A phenotypic brain organoid atlas and biobank for neurodevelopmental disorders

Abstract

Thousands of genes are associated with neurodevelopmental disorders (NDDs), yet mechanisms and targeted treatments remain elusive. To fill these gaps, we present a California Institute of Regenerative Medicine (CIRM)-initiated NDD biobank of 352 publicly available genetically diverse patient-derived induced pluripotent stem cells (iPSCs), along with clinical details, brain imaging, and genomic data, representing four major categories of disease: microcephaly (MIC), polymicrogyria (PMG), epilepsy (EPI), and intellectual disability (ID).

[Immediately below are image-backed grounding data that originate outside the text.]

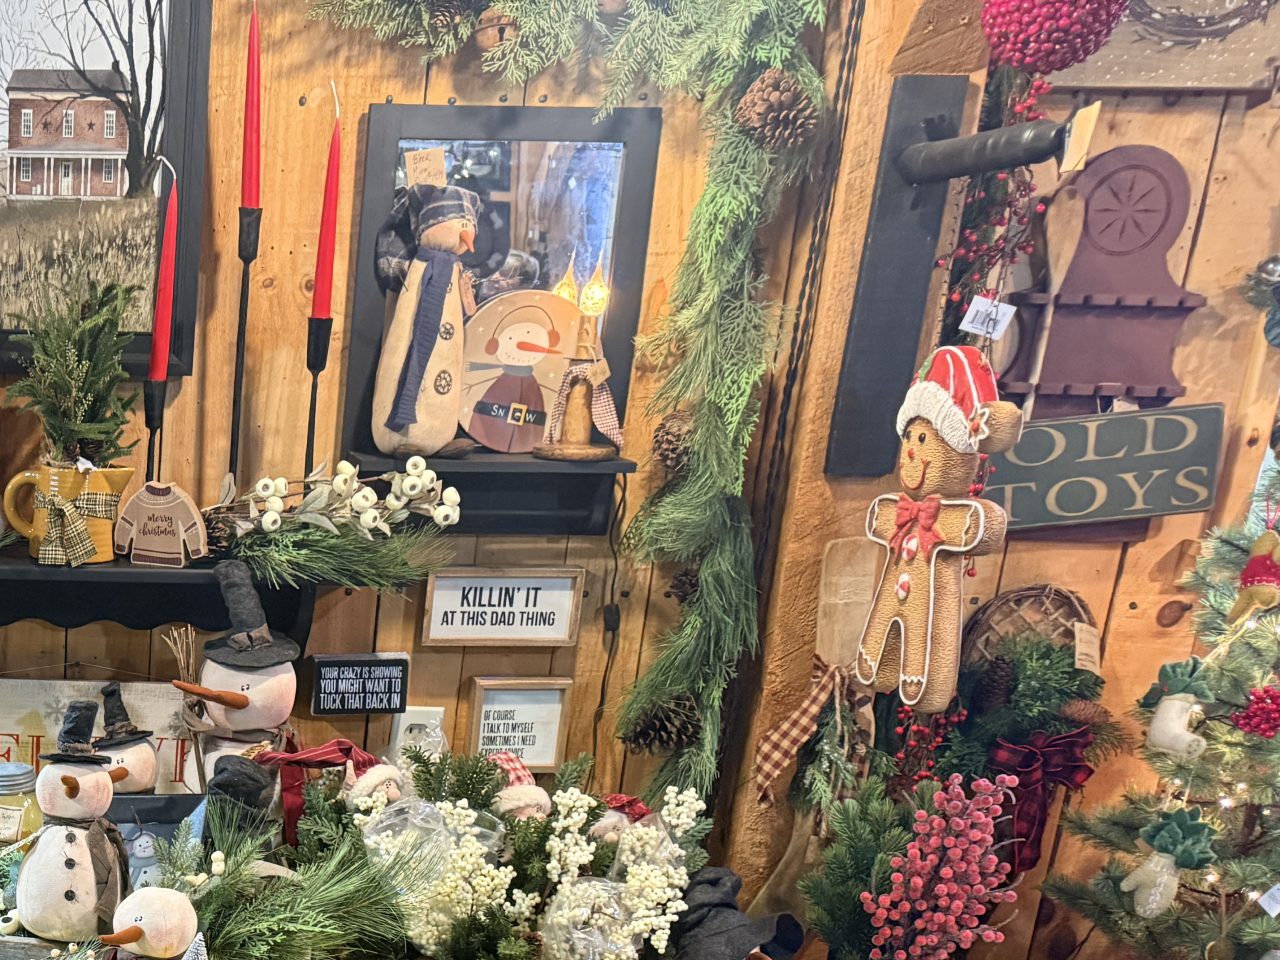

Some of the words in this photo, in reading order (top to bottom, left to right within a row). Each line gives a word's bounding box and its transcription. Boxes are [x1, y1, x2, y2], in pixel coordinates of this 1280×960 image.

[1004, 414, 1199, 467] OLD
[985, 466, 1210, 523] TOYS
[525, 587, 542, 608] IT
[441, 611, 457, 626] AT
[460, 611, 487, 626] THIS
[490, 611, 516, 626] DAD
[519, 611, 556, 626] THING
[320, 666, 339, 679] YOUR
[340, 666, 362, 679] CRAZY
[362, 666, 370, 679] IS
[370, 665, 403, 678] SHOWING
[320, 679, 336, 693] YOU
[338, 679, 364, 693] MIGHT
[365, 679, 389, 693] WANT
[391, 678, 401, 692] TO
[320, 693, 342, 709] TUCK
[344, 693, 365, 709] THAT
[365, 693, 389, 709] BACK
[390, 693, 401, 709] IN
[484, 710, 492, 721] OF
[493, 709, 517, 721] COURSE
[487, 722, 501, 733] TALK
[502, 722, 510, 733] TO
[510, 722, 535, 733] MYSELF
[481, 735, 516, 746] SOMETIMES
[521, 735, 536, 746] NEED

From 35 representative patients, we studied over 6,000 brain organoids for histology and single-cell transcriptomics. Compared with an organoid library from ten neurotypicals, patients showed distinct cellular defects linked to underlying clinical disease categories. MIC showed defects in cell survival and excessive TTR+ cells, PMG showed intermediate progenitor cell junction defects, EPI showed excessive astrogliosis, and ID showed excessive generation of TTR+ cells. Our organoid atlas demonstrates both conserved and divergent NDD category-specific phenotypes, bridging genotype and phenotype. This NDD iPSC biobank can support future disease modeling and therapeutic approaches.

Keywords: brain organoids; epilepsy; intellectual disability; microcephaly; neurodevelopmental disease; polymicrogyria; single-cell sequencing.